→ **EXERCISE DIRECTIONS**: Your copy should match the entries exactly, with the pictures left out.

→ **STUDY MATERIAL**:
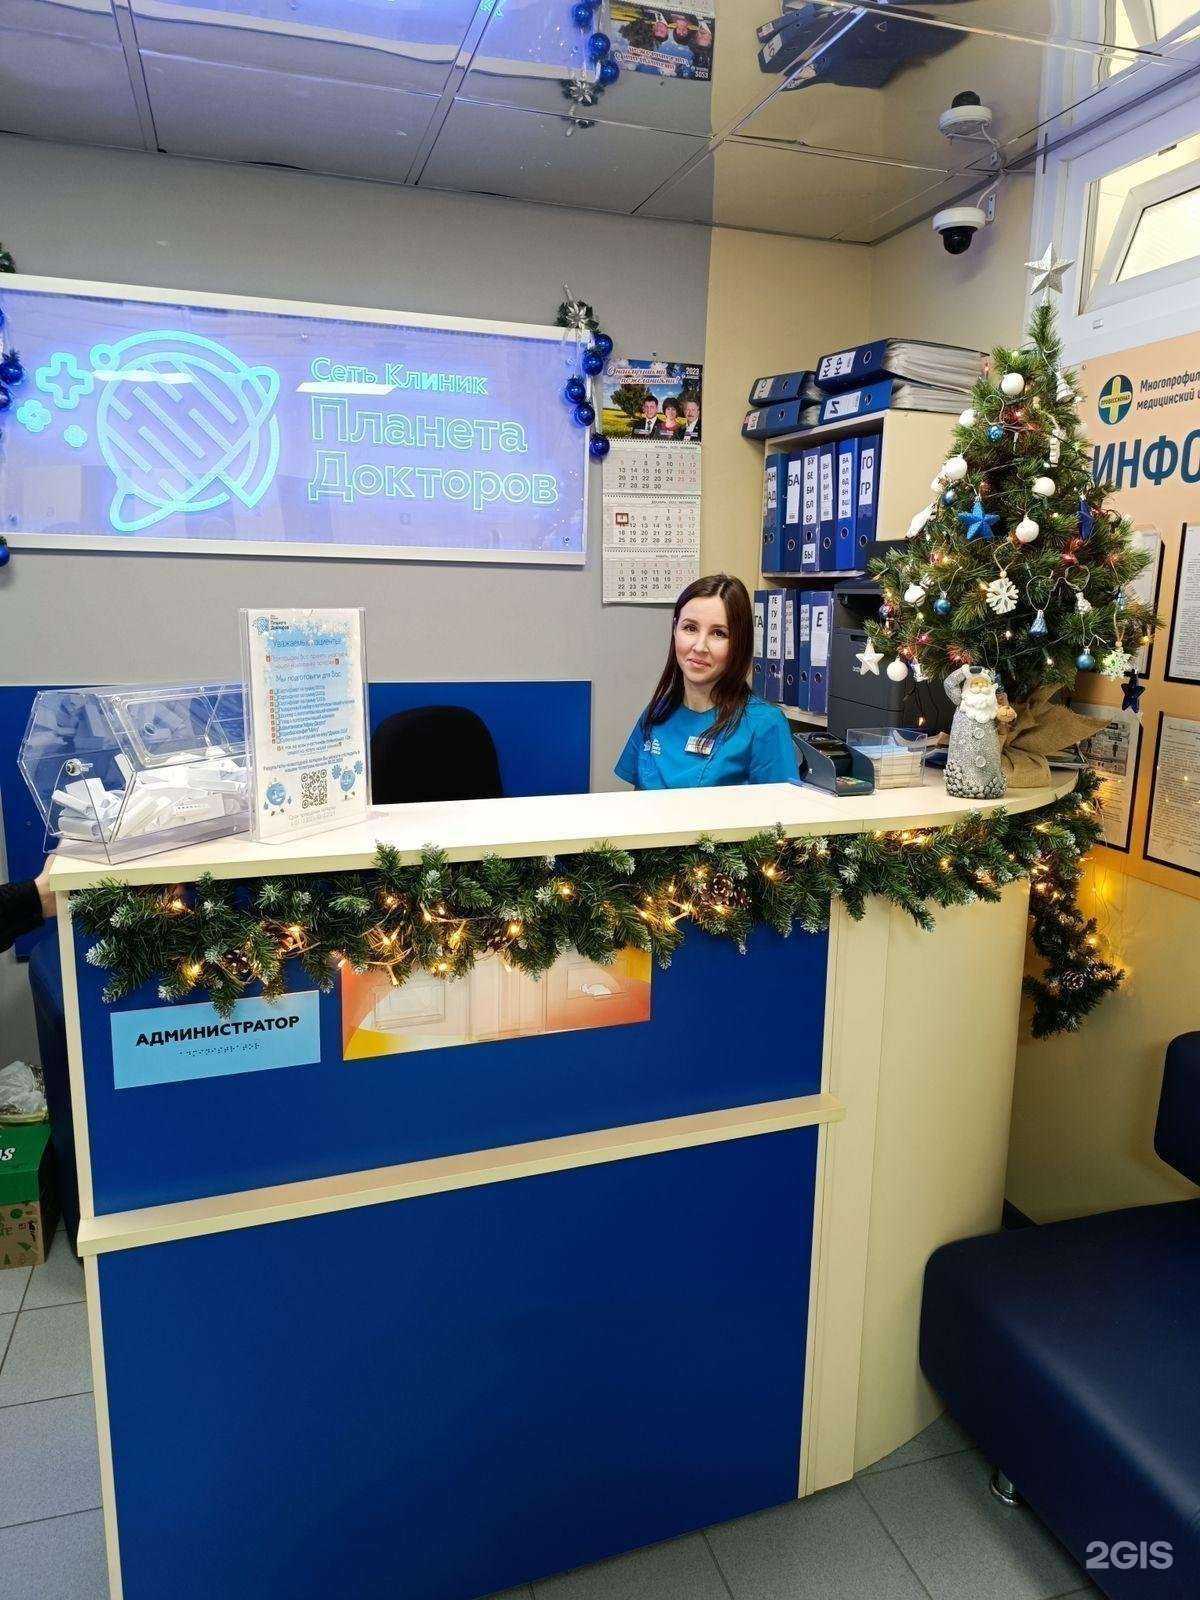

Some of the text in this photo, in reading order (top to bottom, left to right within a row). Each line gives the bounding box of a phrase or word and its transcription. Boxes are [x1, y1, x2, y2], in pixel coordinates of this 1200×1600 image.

[310, 357, 488, 396] Сеть Клиник
[1137, 388, 1195, 410] медицинский
[310, 395, 528, 453] Планета
[308, 450, 559, 512] Докторов
[788, 474, 800, 486] БА
[135, 1015, 300, 1046] АДМИНИСТРАТОР

→ **ANSWER TO THIS PROBLEM**:
Some of the text in this photo, in reading order (top to bottom, left to right within a row). Each line gives the bounding box of a phrase or word and its transcription. Boxes are [x1, y1, x2, y2], in pixel coordinates of this 1200×1600 image.

[310, 357, 488, 396] Сеть Клиник
[1137, 388, 1195, 410] медицинский
[310, 395, 528, 453] Планета
[308, 450, 559, 512] Докторов
[788, 474, 800, 486] БА
[135, 1015, 300, 1046] АДМИНИСТРАТОР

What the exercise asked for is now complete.